_Exercise prompt_
Return all entries word for word, but drop any images.

_Data supplied_

++++

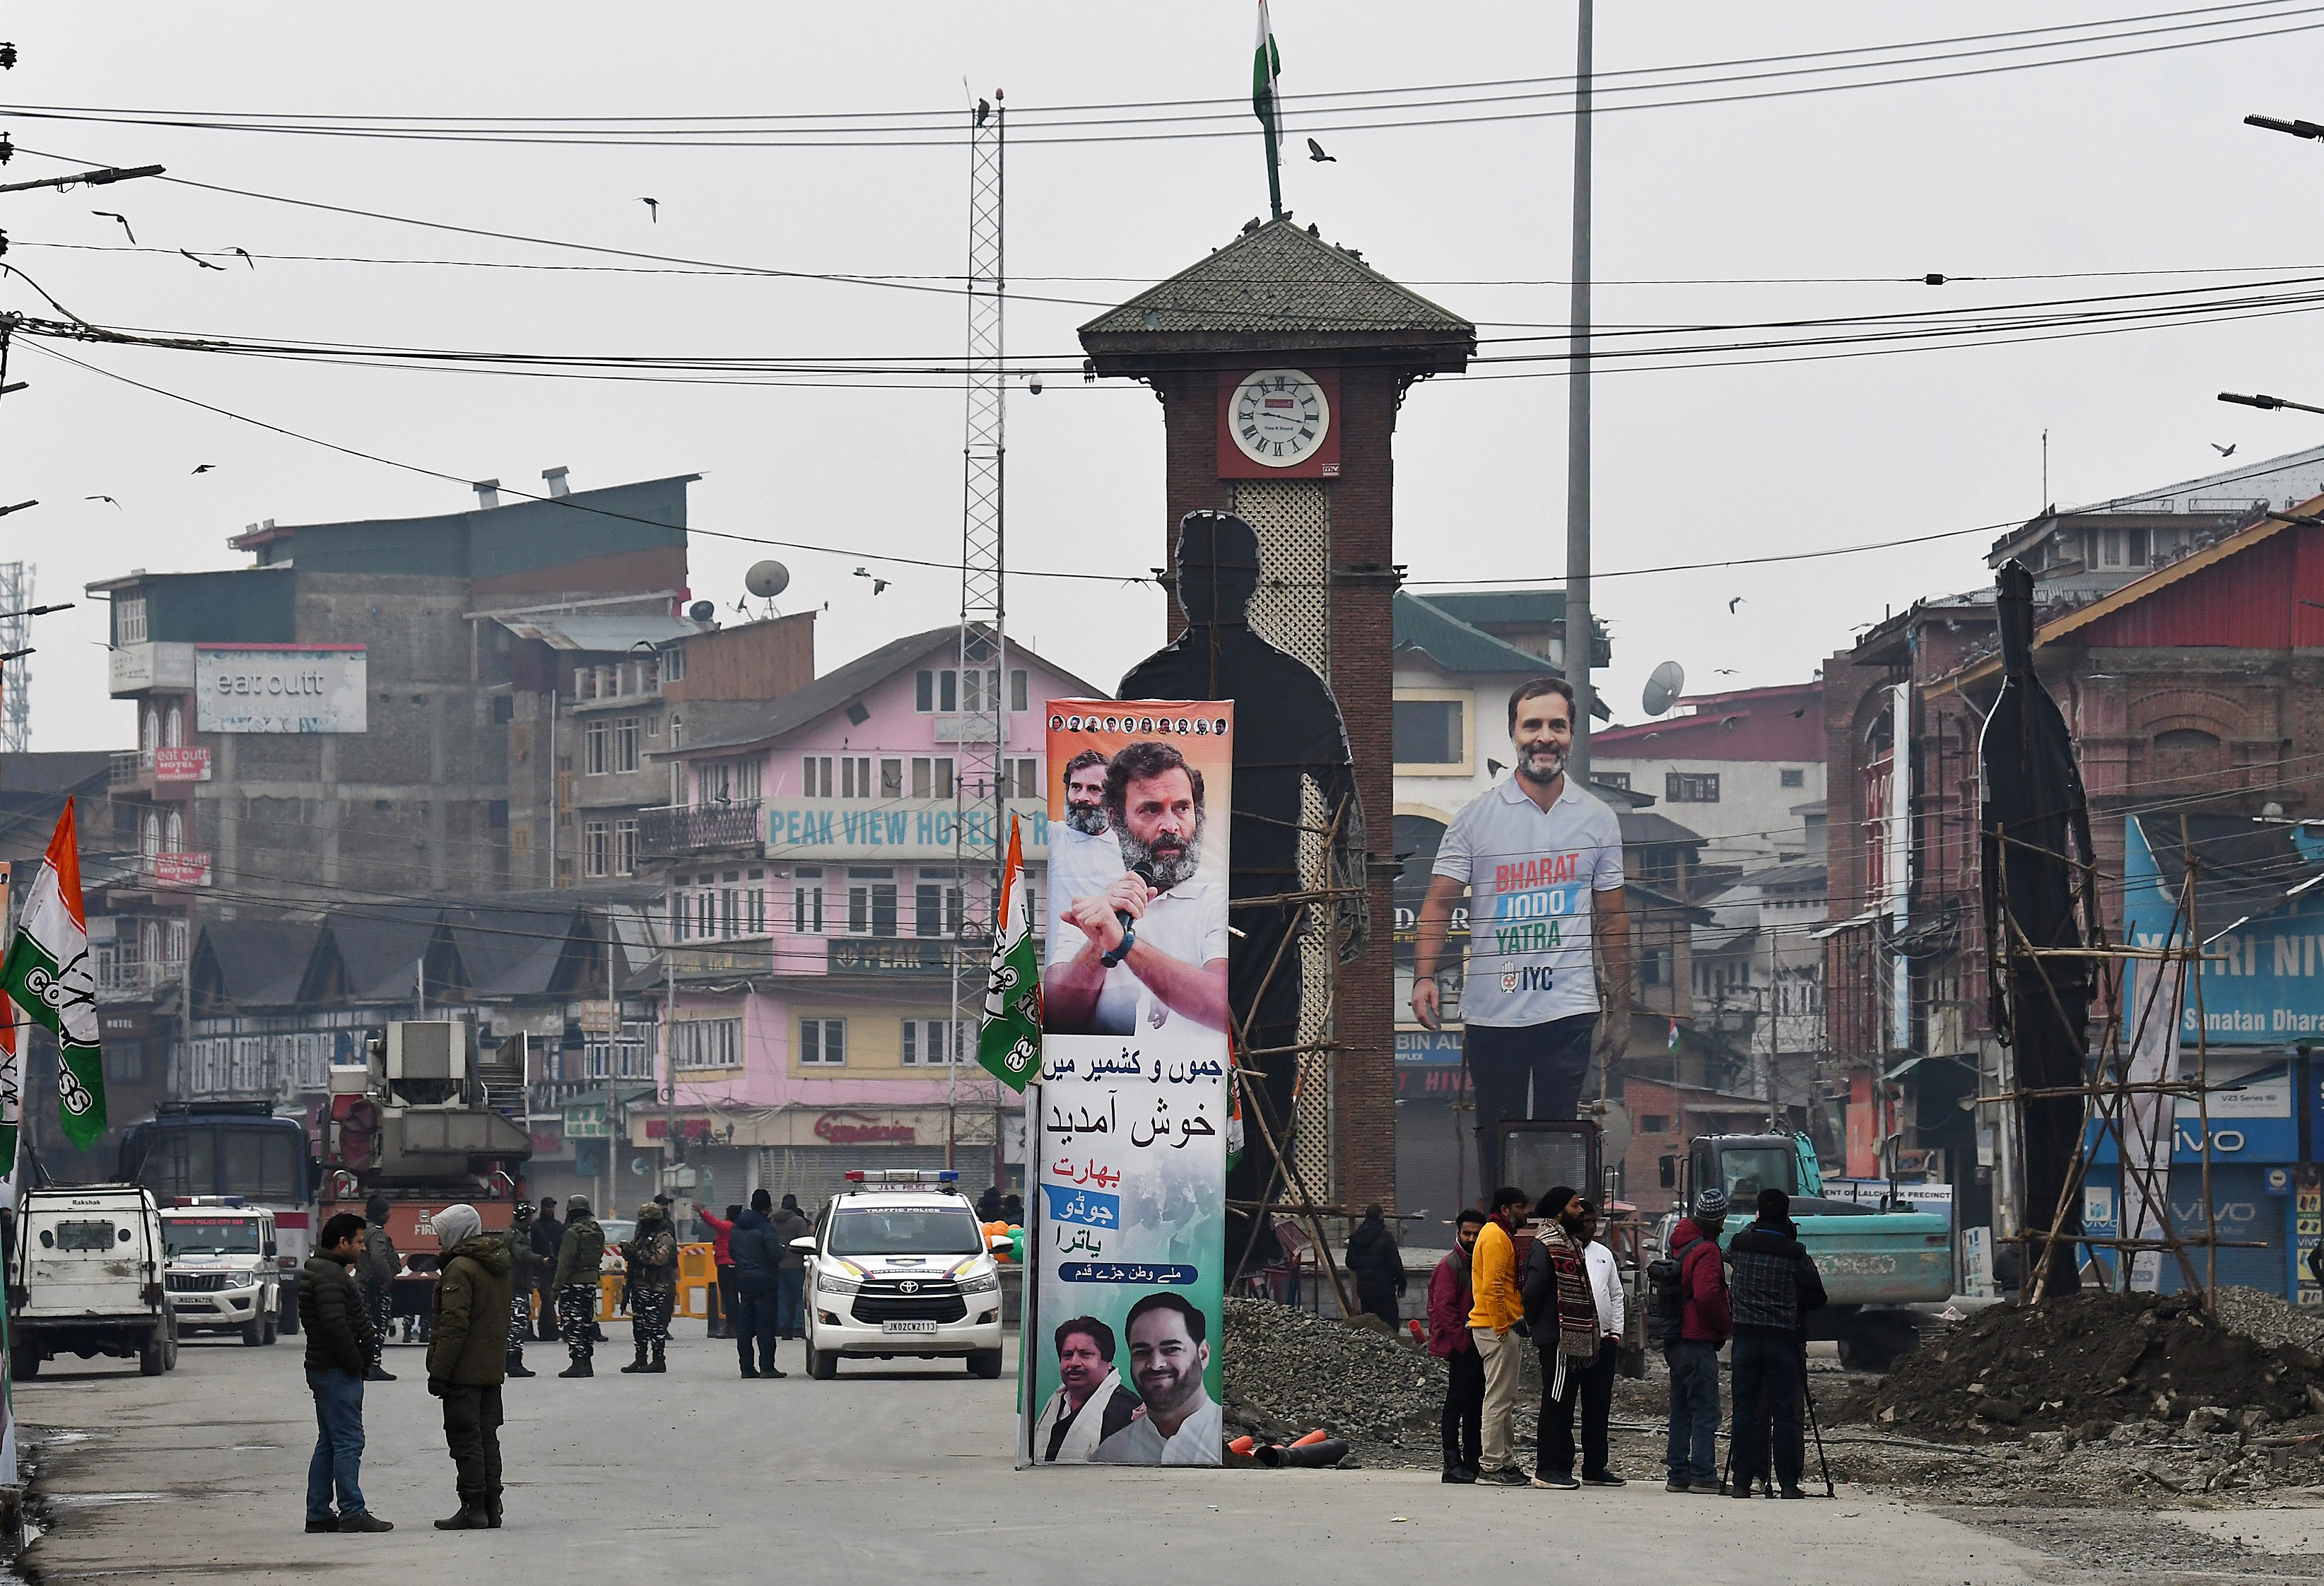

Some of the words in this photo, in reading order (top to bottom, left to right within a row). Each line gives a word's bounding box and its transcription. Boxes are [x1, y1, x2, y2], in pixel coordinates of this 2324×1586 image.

[218, 671, 262, 695] eat
[267, 671, 324, 695] outt
[157, 749, 177, 761] eat
[770, 810, 834, 845] PEAK
[843, 810, 908, 846] VIEW
[1496, 853, 1580, 893] BHARAT
[1503, 890, 1566, 922] JODO
[1496, 920, 1561, 955] YATRA
[864, 945, 922, 969] PEAK
[1522, 966, 1554, 991] IYC
[1042, 1059, 1075, 1081] میں
[1081, 1047, 1142, 1082] کشمیر
[1148, 1059, 1161, 1083] و
[1168, 1059, 1223, 1084] جموں
[1047, 1089, 1118, 1146] آمدید
[1131, 1097, 1216, 1149] خوش
[2174, 1124, 2245, 1152] ivo
[1052, 1158, 1121, 1189] بھارت
[1059, 1191, 1114, 1226] جوڈو
[1055, 1225, 1102, 1259] یاترا
[1075, 1264, 1092, 1281] قدم
[1096, 1264, 1125, 1280] جڑے
[1129, 1267, 1154, 1280] وطن
[1157, 1267, 1181, 1284] ملے
[888, 1322, 935, 1331] JK02CW2113

++++

_Solved exercise_
Some of the words in this photo, in reading order (top to bottom, left to right within a row). Each line gives a word's bounding box and its transcription. Boxes are [x1, y1, x2, y2], in pixel coordinates of this 2324×1586 image.

[218, 671, 262, 695] eat
[267, 671, 324, 695] outt
[157, 749, 177, 761] eat
[770, 810, 834, 845] PEAK
[843, 810, 908, 846] VIEW
[1496, 853, 1580, 893] BHARAT
[1503, 890, 1566, 922] JODO
[1496, 920, 1561, 955] YATRA
[864, 945, 922, 969] PEAK
[1522, 966, 1554, 991] IYC
[1042, 1059, 1075, 1081] میں
[1081, 1047, 1142, 1082] کشمیر
[1148, 1059, 1161, 1083] و
[1168, 1059, 1223, 1084] جموں
[1047, 1089, 1118, 1146] آمدید
[1131, 1097, 1216, 1149] خوش
[2174, 1124, 2245, 1152] ivo
[1052, 1158, 1121, 1189] بھارت
[1059, 1191, 1114, 1226] جوڈو
[1055, 1225, 1102, 1259] یاترا
[1075, 1264, 1092, 1281] قدم
[1096, 1264, 1125, 1280] جڑے
[1129, 1267, 1154, 1280] وطن
[1157, 1267, 1181, 1284] ملے
[888, 1322, 935, 1331] JK02CW2113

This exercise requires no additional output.